The roots of a tree serve to anchor it to the ground and gather water and nutrients to transfer to all parts of the tree, and for reproduction defense, survival, energy storage and many, many other purposes. The first root produced by a newly germinated seedling is a taproot which goes straight downwards. Within a few weeks lateral roots branch out of the side of this and grow horizontally through the upper layers of the soil. In most trees, the tap root eventually withers away and the wide-spreading laterals remain. Near the tip of the finer roots are single cell root hairs.
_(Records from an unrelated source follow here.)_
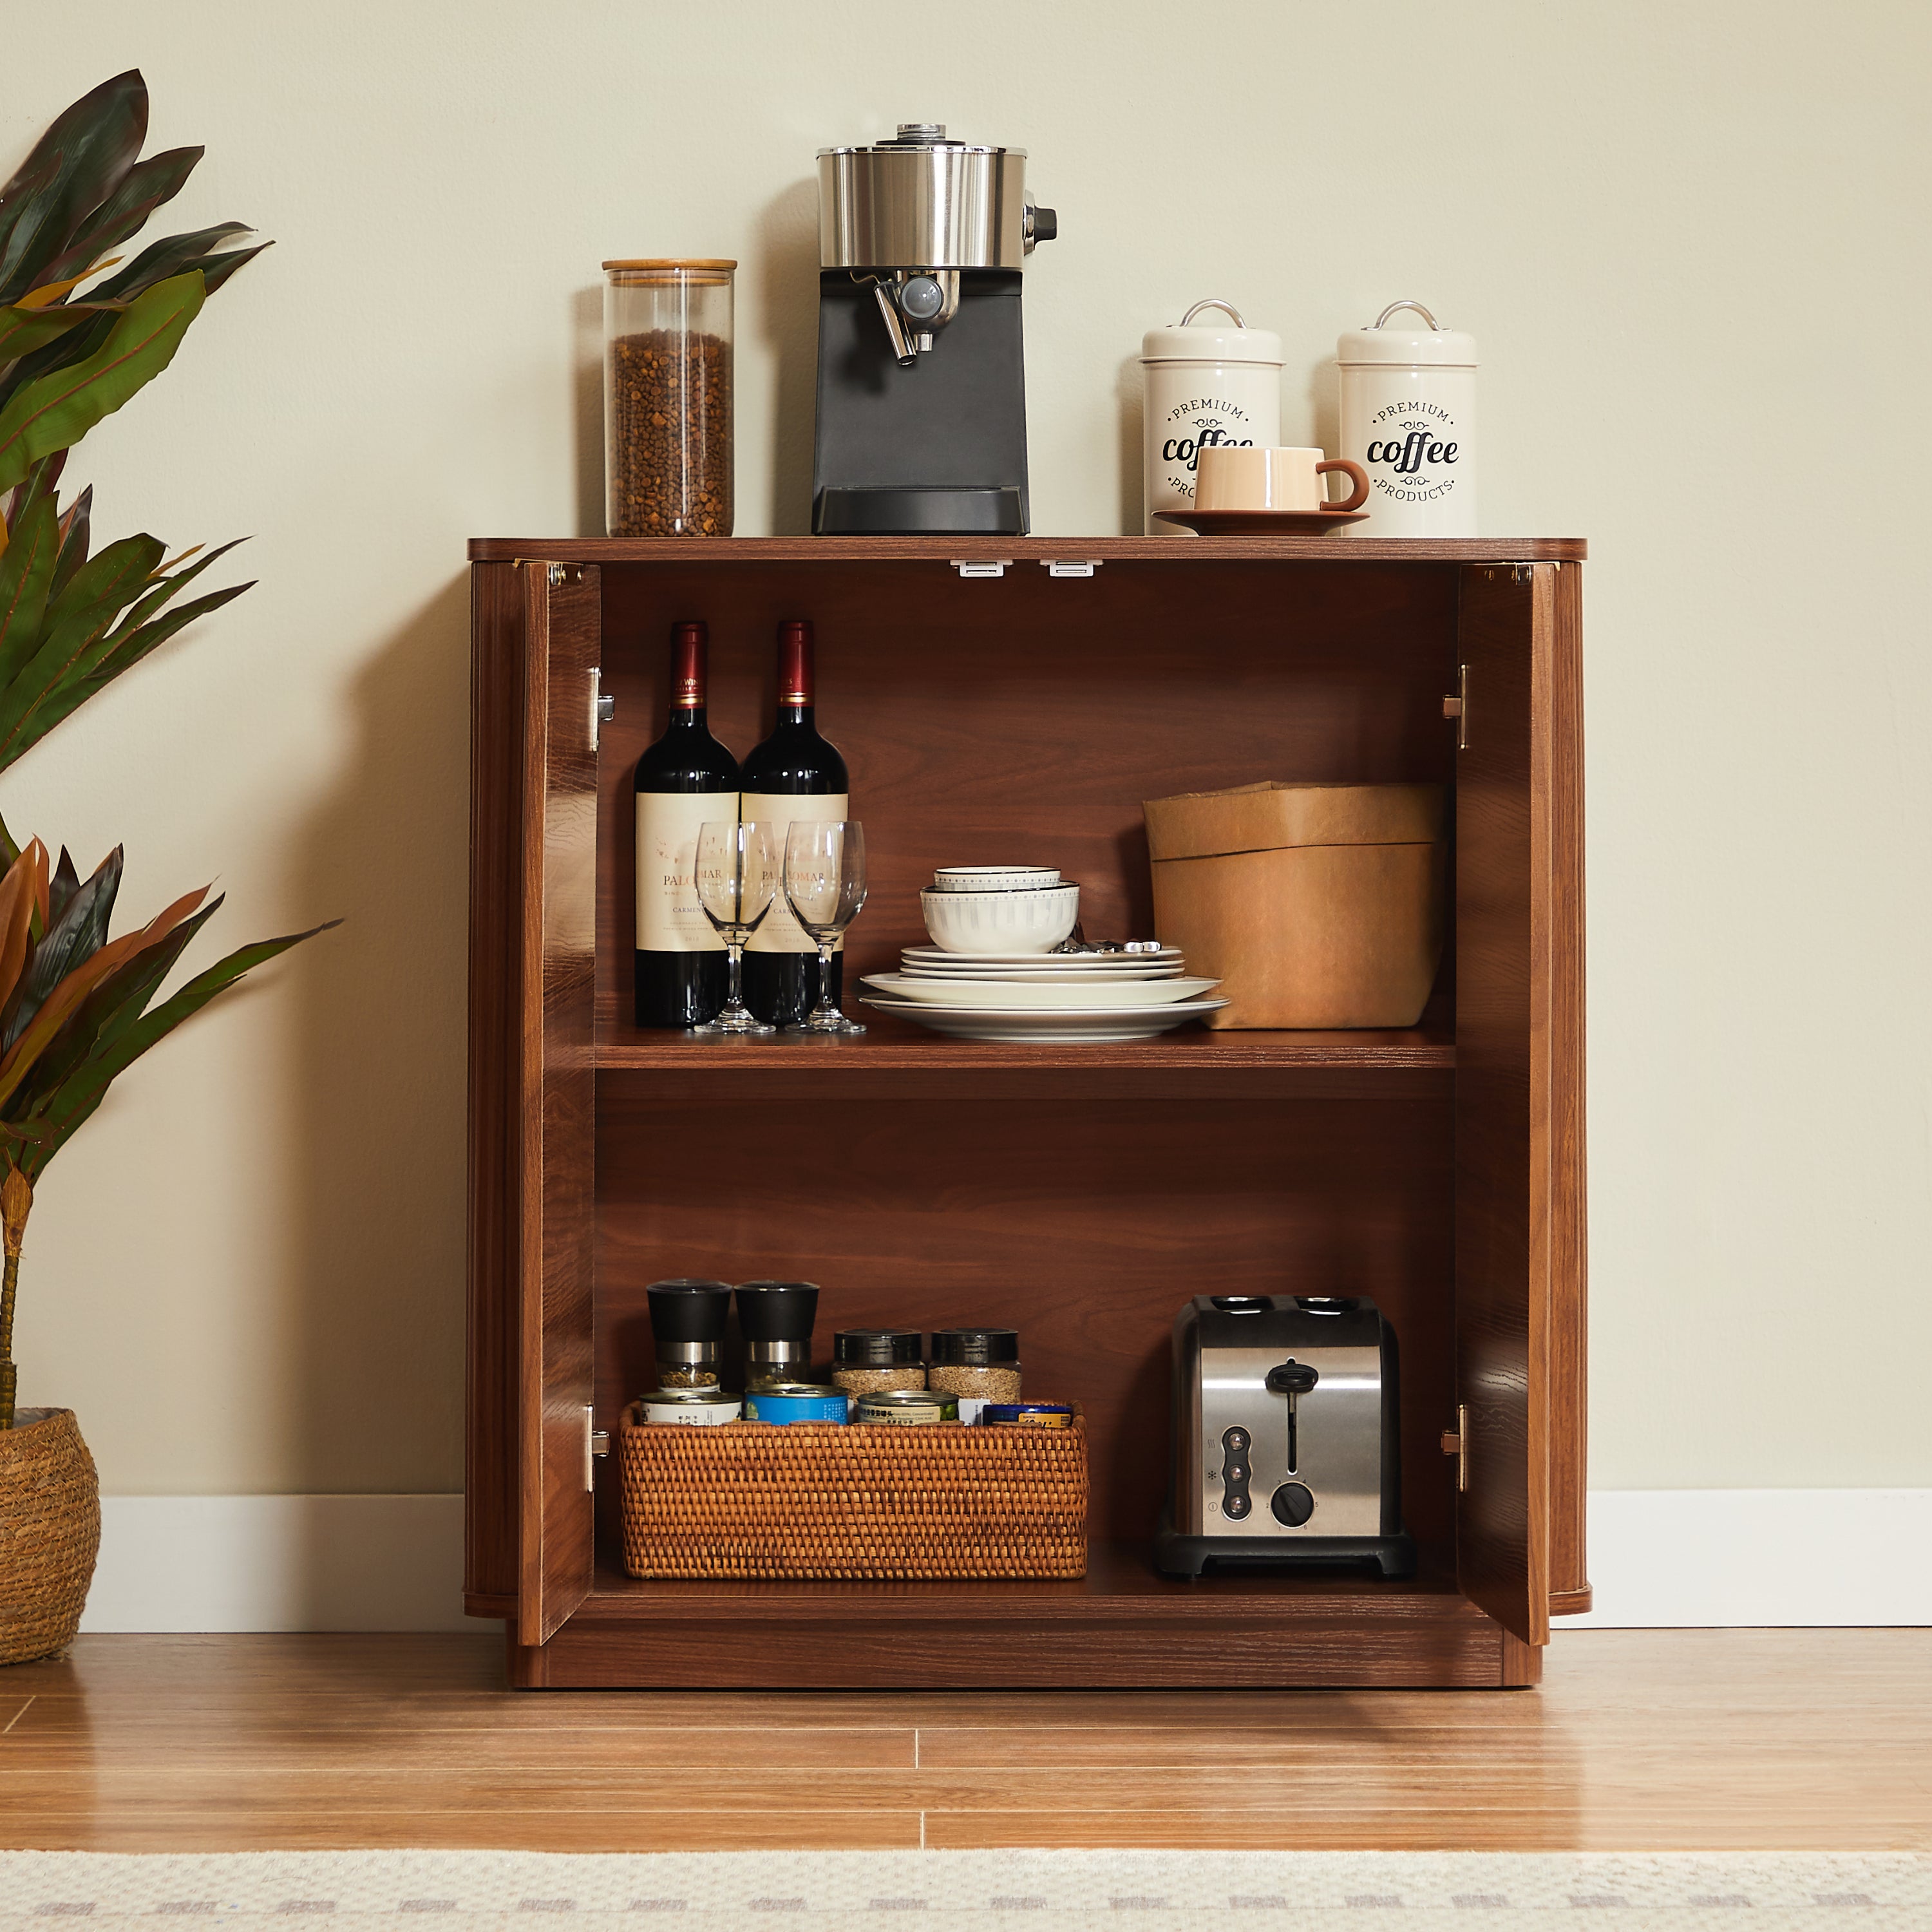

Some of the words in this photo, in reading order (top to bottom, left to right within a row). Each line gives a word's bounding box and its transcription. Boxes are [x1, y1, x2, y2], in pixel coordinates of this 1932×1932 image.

[1172, 399, 1244, 419] PREMIUM
[1377, 401, 1449, 422] PREMIUM
[1367, 431, 1459, 473] coffee
[1376, 479, 1453, 502] PRODUCTS
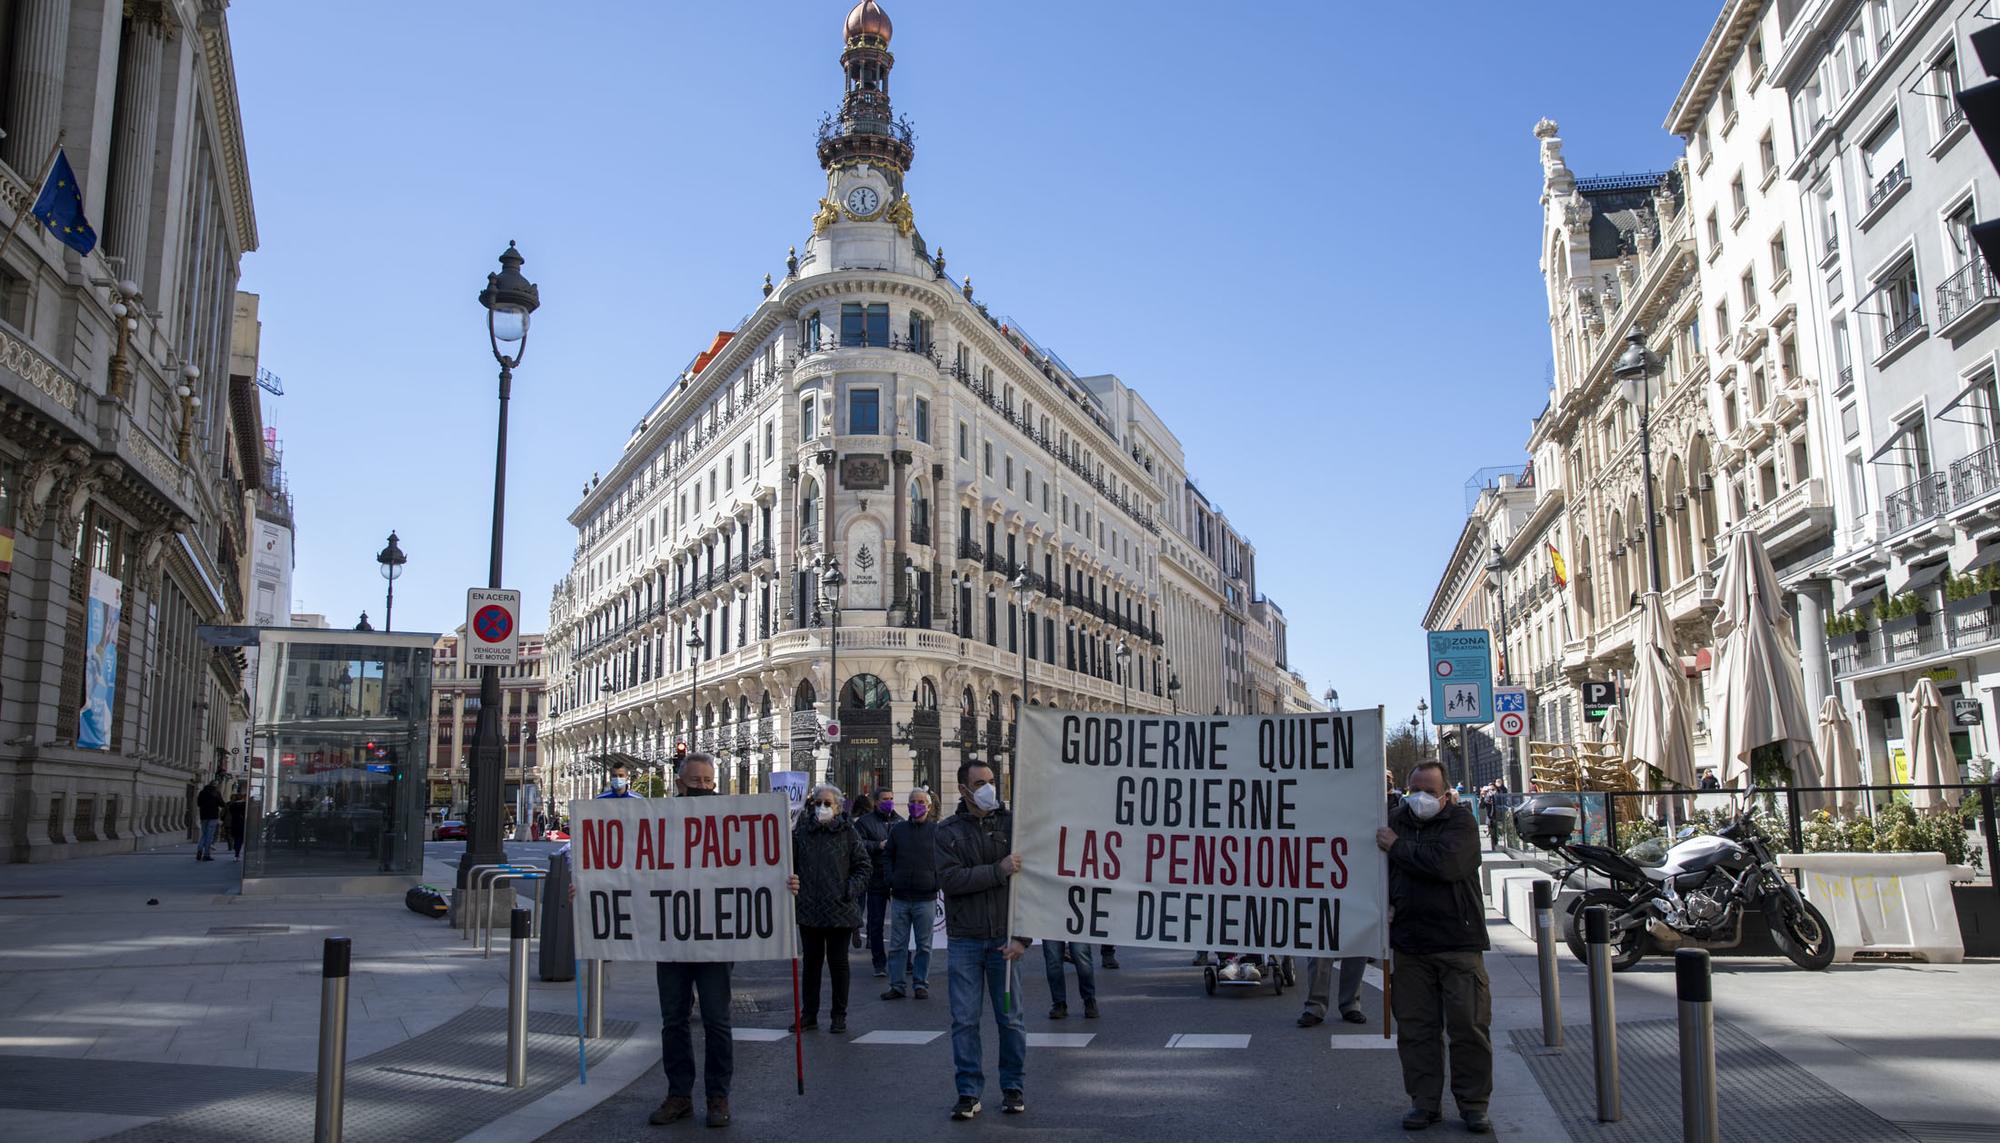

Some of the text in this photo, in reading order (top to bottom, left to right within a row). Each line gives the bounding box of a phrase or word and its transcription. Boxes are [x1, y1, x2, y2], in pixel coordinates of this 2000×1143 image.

[1452, 636, 1486, 645] ZONA
[1591, 684, 1606, 703] P
[1956, 699, 1977, 710] ATM
[243, 728, 252, 772] HOTEL
[1061, 715, 1354, 773] GOBIERNE QUIEN
[1507, 720, 1518, 729] 10
[1115, 775, 1298, 831] GOBIERNE
[582, 814, 781, 870] NO AL PACTO
[1057, 826, 1349, 890] LAS PENSIONES
[589, 886, 773, 942] DE TOLEDO
[1066, 885, 1341, 952] SE DEFIENDEN
These are in immediate contact with the soil particles and can absorb water and nutrients such as potassium in solution. The roots require oxygen to respire and only a few species such as the mangrove and the pond cypress (Taxodium ascendens) can live in permanently waterlogged soil.[39] In the soil, the roots encounter the hyphae of fungi. Many of these are known as mycorrhiza and form a mutualistic relationship with the tree roots. Some are specific to a single tree species, which will not flourish in the absence of its mycorrhizal associate. Others are generalists and associate with many species. The tree acquires minerals such as phosphorus from the fungus while it obtains the carbohydrate products of photosynthesis from the tree.[40] The hyphae of the fungus can link different trees and a network is formed, transferring nutrients from one place to another. The fungus promotes growth of the roots and helps protect the trees against predators and pathogens. It can also limit damage done to a tree by pollution as the fungus accumulate heavy metals within its tissues.[41] Fossil evidence shows that roots have been associated with mycorrhizal fungi since the early Paleozoic, four hundred million years ago, when the first vascular plants colonised dry land.[42] Some trees such as the alders (Alnus spp.) have a symbiotic relationship with Frankia sp,, a filamentous bacterium that

can fix nitrogen from the air, converting it into ammonia. They have actinorhizal root nodules on their roots in which the bacteria live. This process enables the tree to live in low nitrogen habitats where they would otherwise be unable to thrive.[43] Researchers have discovered that certain plant hormones called cytokinins initiate root nodule formation and that this process is closely related to the mechanisms involved in mycorrhizal association. [44] It has been demonstrated that some trees are interconnected through their root system, forming a colony. The interconnections are made by the inosculation process, a kind of natural grafting or welding of vegetal tissues. The tests to demonstrate this networking are performed injecting chemicals, sometimes radioactive, in a tree, and then checking for its presence in neighbor trees.[45] Buttress roots of the kapok tree (Ceiba pentandra) The roots are, generally, a subterranean part of the tree, but some tree species have evolved roots that are aerial. The common purposes for aerial roots may be of two kinds, to contribute to the mechanical stability of the tree, and to obtain oxygen from air. An instances of mechanical stability enhancement is the red mangrove that develops prop roots that loop out of the trunk and branches and descend vertically into the mud.[46] A similar structure is developed by the Indian banyan.[47] Many large trees have buttress roots which flare out from the lower part of the trunk. These brace the tree rather like angle brackets and provide stability, reducing sway in high winds. They are particularly prevalent in tropical rainforests where the soil is poor and the roots are close to the surface.[48] Some tree species have developed root extensions that pop out of soil, in order to get oxygen, when it is not available in the soil because of excess water. These root extensions are called pneumatophores, and are present, among other, in black mangrove and pond cypress.